Problem to solve: Print every entry exactly as it appears, but skip the pictures.

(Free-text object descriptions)
+++++
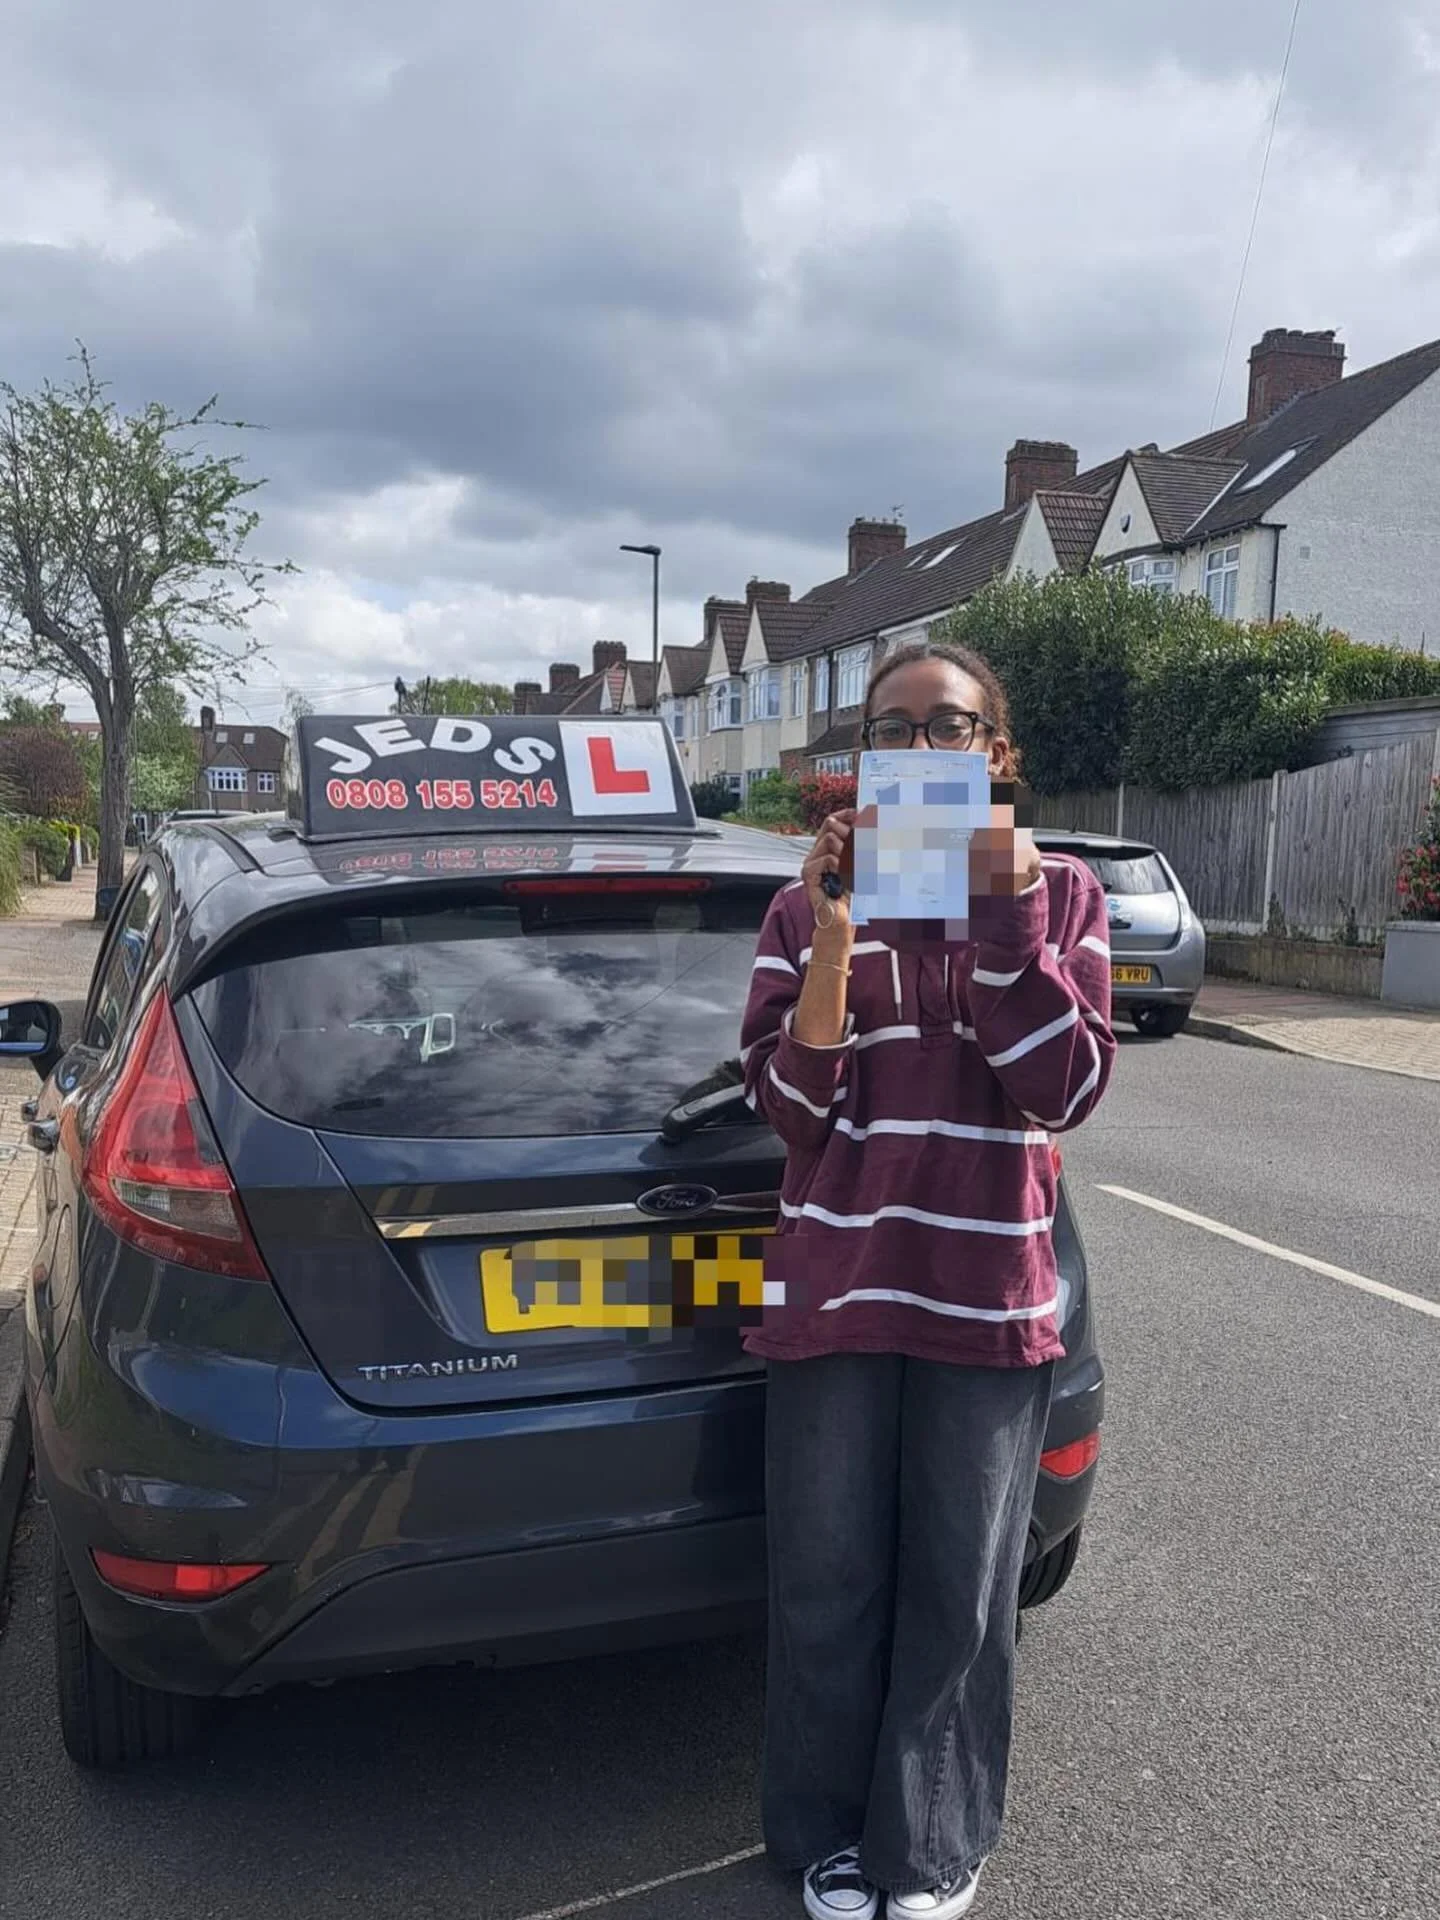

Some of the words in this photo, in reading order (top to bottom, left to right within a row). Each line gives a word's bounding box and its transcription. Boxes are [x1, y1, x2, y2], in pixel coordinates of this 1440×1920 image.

[314, 718, 556, 775] JEDS
[587, 736, 651, 794] L
[326, 779, 407, 810] 0808
[416, 779, 474, 810] 155
[481, 778, 558, 809] 5214
[1126, 967, 1149, 981] VRU
[656, 1190, 699, 1210] Ford
[358, 1354, 518, 1381] TITANIUM
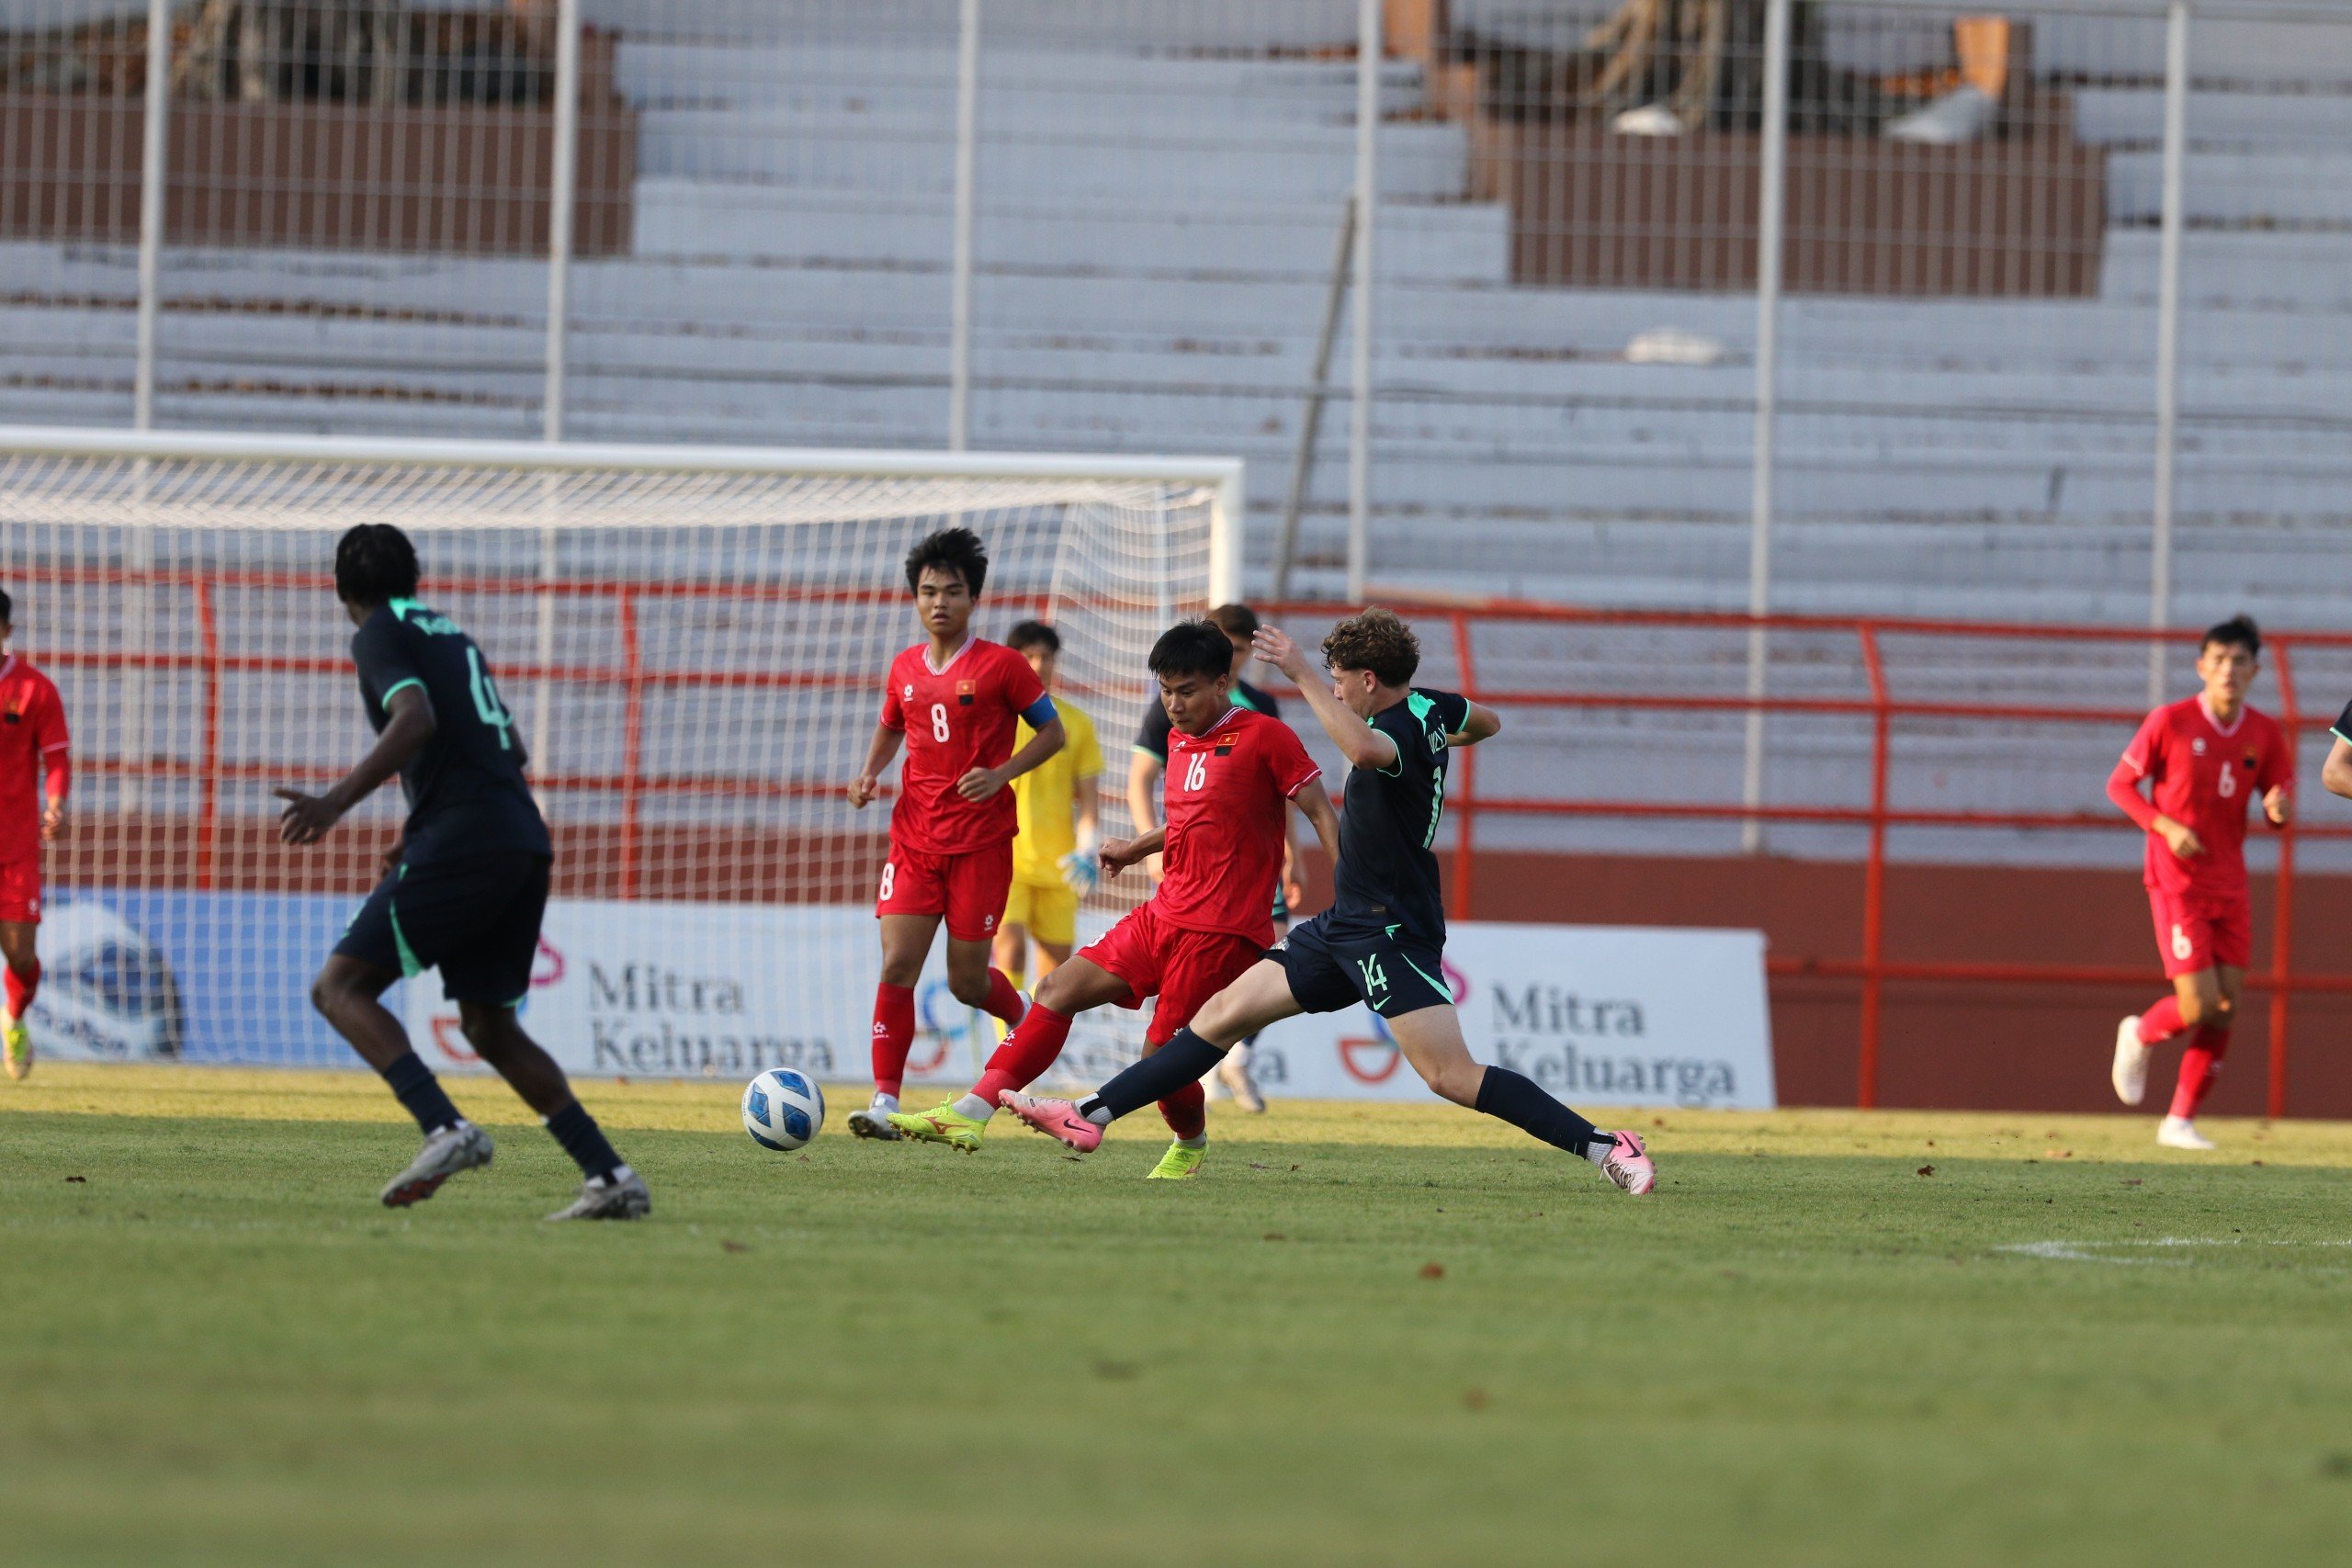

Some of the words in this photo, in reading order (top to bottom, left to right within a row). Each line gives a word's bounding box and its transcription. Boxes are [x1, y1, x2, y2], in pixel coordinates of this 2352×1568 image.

[467, 646, 514, 750] 4
[930, 703, 951, 743] 8
[1183, 751, 1206, 793] 16
[2217, 761, 2236, 798] 6
[879, 862, 896, 901] 8
[2171, 922, 2193, 960] 6
[588, 962, 746, 1015] Mitra
[1357, 953, 1388, 997] 14
[1490, 980, 1646, 1037] Mitra
[1496, 1038, 1737, 1110] Keluarga
+++++
Written reply:
Some of the words in this photo, in reading order (top to bottom, left to right within a row). Each line gives a word's bounding box and its transcription. Boxes are [x1, y1, x2, y2], in pixel coordinates of this 1440×1920 image.

[314, 718, 556, 775] JEDS
[587, 736, 651, 794] L
[326, 779, 407, 810] 0808
[416, 779, 474, 810] 155
[481, 778, 558, 809] 5214
[1126, 967, 1149, 981] VRU
[656, 1190, 699, 1210] Ford
[358, 1354, 518, 1381] TITANIUM

Some of the words in this photo, in reading order (top to bottom, left to right within a row). Each line gives a word's bounding box and its transcription. Boxes are [x1, y1, x2, y2], in pixel coordinates of this 2352×1568 image.

[467, 646, 514, 750] 4
[930, 703, 951, 743] 8
[1183, 751, 1206, 793] 16
[2217, 761, 2236, 798] 6
[879, 862, 896, 901] 8
[2171, 922, 2193, 960] 6
[588, 962, 746, 1015] Mitra
[1357, 953, 1388, 997] 14
[1490, 980, 1646, 1037] Mitra
[1496, 1038, 1737, 1110] Keluarga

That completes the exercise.